Of course, search in the Gemini era will take all this to a whole new level, combining our infrastructure advantages, the latest AI features, high standards of information quality, and decades of experience connecting you to a wealth of networks. The result will be a product that works for you.

Google search is a generative AI that is large enough to satisfy human curiosity. This is our most exciting search chapter so far.

Smarter Gemini experienc

Gemini is more than just a chatbot; it aims to be your personal assistant who can help you deal with complex tasks and act on your behalf.

The interaction with Gemini should be conversational and intuitive. As a result, we have announced a new Gemini experience called Live, which allows you to have an in-depth conversation with Gemini using voice. We will also upgrade Gemini Advanced to 2 million tokens later this year to be able to upload and analyze ultra-dense files such as videos and long codes.

Gemini on Android

There are billions of Android users around the world, so we are pleased to integrate Gemini more deeply into the user experience. As your new AI assistant, Gemini can help you anytime, anywhere. We have integrated the Gemini model into Android, including our latest device-side model, the Gemini Nano Multimodal Model (Gemini Nano with Multimodality), which processes text, images, audio and voice, unlocking new experiences while ensuring the privacy of information stored on the device.

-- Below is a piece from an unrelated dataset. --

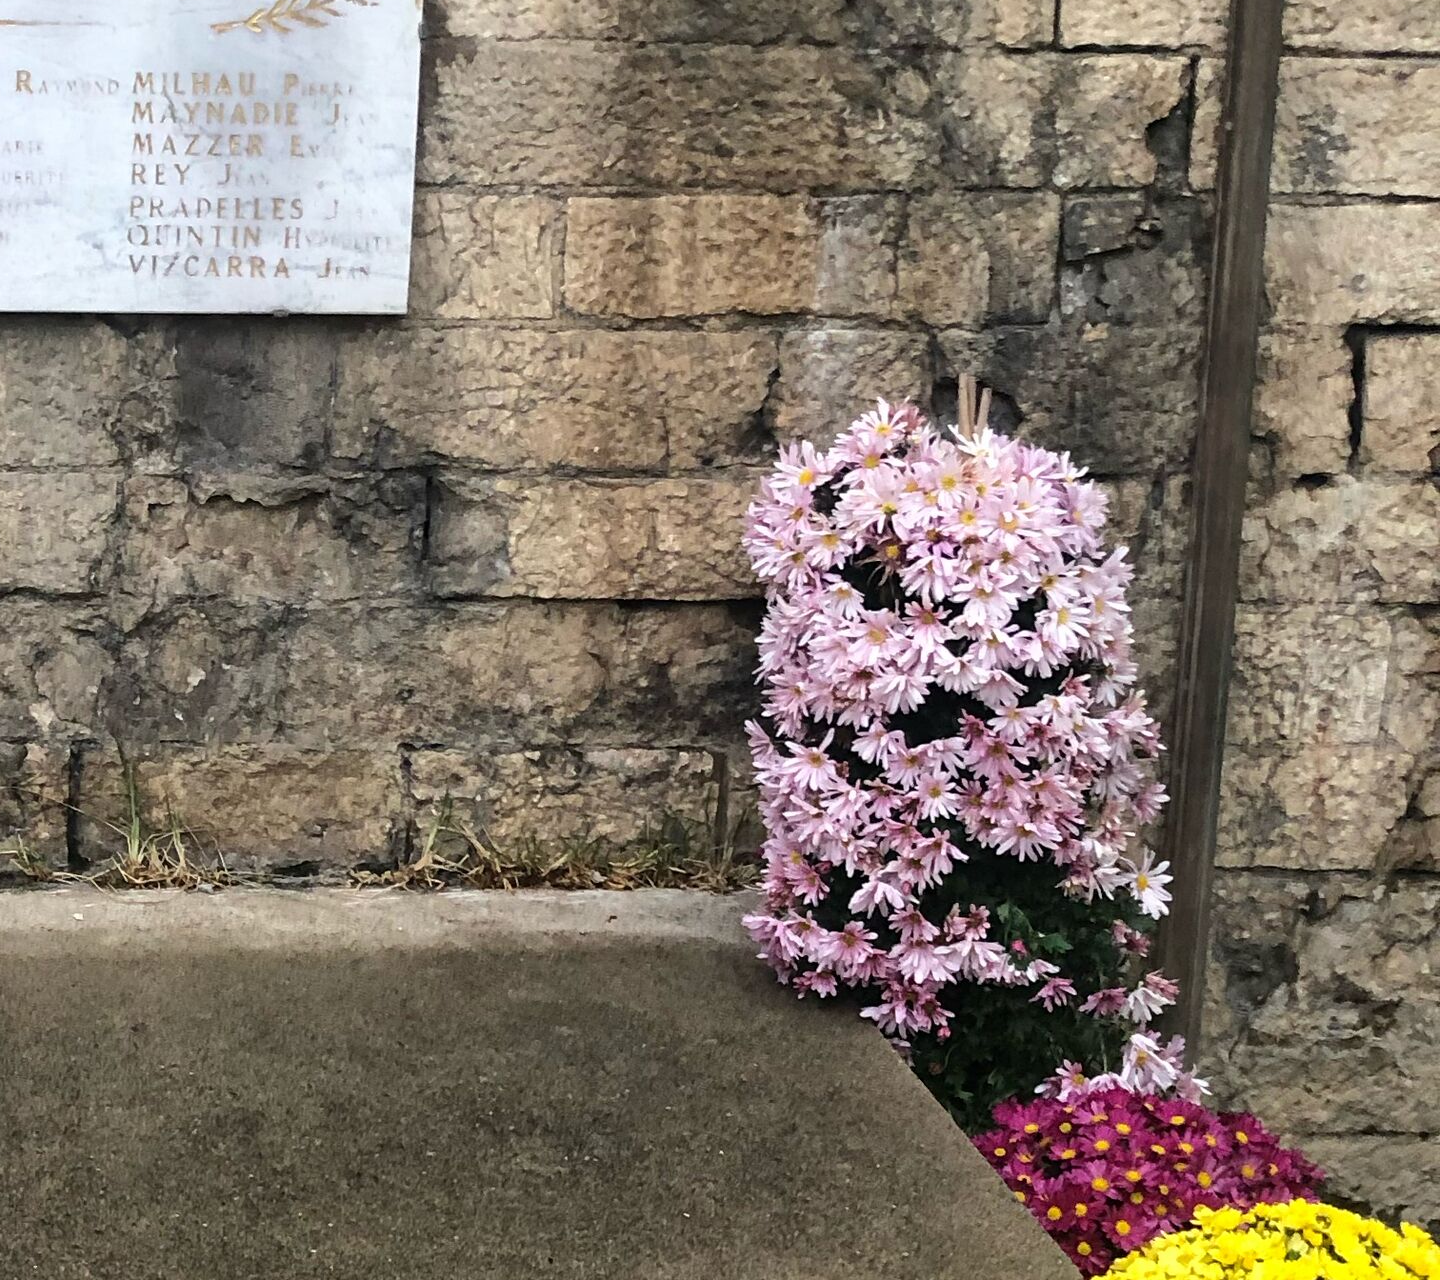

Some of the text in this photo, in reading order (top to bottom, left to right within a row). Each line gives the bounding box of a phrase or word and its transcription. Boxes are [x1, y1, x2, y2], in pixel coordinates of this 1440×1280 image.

newcryptoplaytoearngames| Google I/O 2024: Opening a new generation of I/O

Our responsible AI approach

We continue to boldly and excitedly seize the opportunities brought about by AI. At the same time, we are also ensuring that we act responsibly. We are developing a cutting-edge technology called AI assisted Red team testing (AI-assisted red teaming), which takes advantage of Google DeepMind's breakthroughs in games such as AlphaGo to improve our model. In addition, we have extended the SynthID watermarking tool to two new modes of text and video, making it easier to identify the content generated by AI.

Work together to create the future

All of this shows the important progress we have made in getting AI to help everyone in a bold and responsible way.

We have been using the AI-first approach for a long time. Our decades of research leadership has created many modern breakthroughs that have powered AI progress for us and the industry as a whole. Most importantly, we have:

World-leading infrastructure built for the AI era

Cutting-edge innovation in search now supported by Gemini

Products that help on a very large scale-including 15 products with 500 million users

Let everyone-- partners, customers, creators, and everyone-- create a platform for the future.

This progress can be achieved because of our excellent developer community. You make all of this a reality through the experiences and applications you create every day. Here, I would like to pay tribute to all of you in Shoreline and millions of friends who watch online around the world: let us meet the infinite possibilities of the future and work together to create a better future.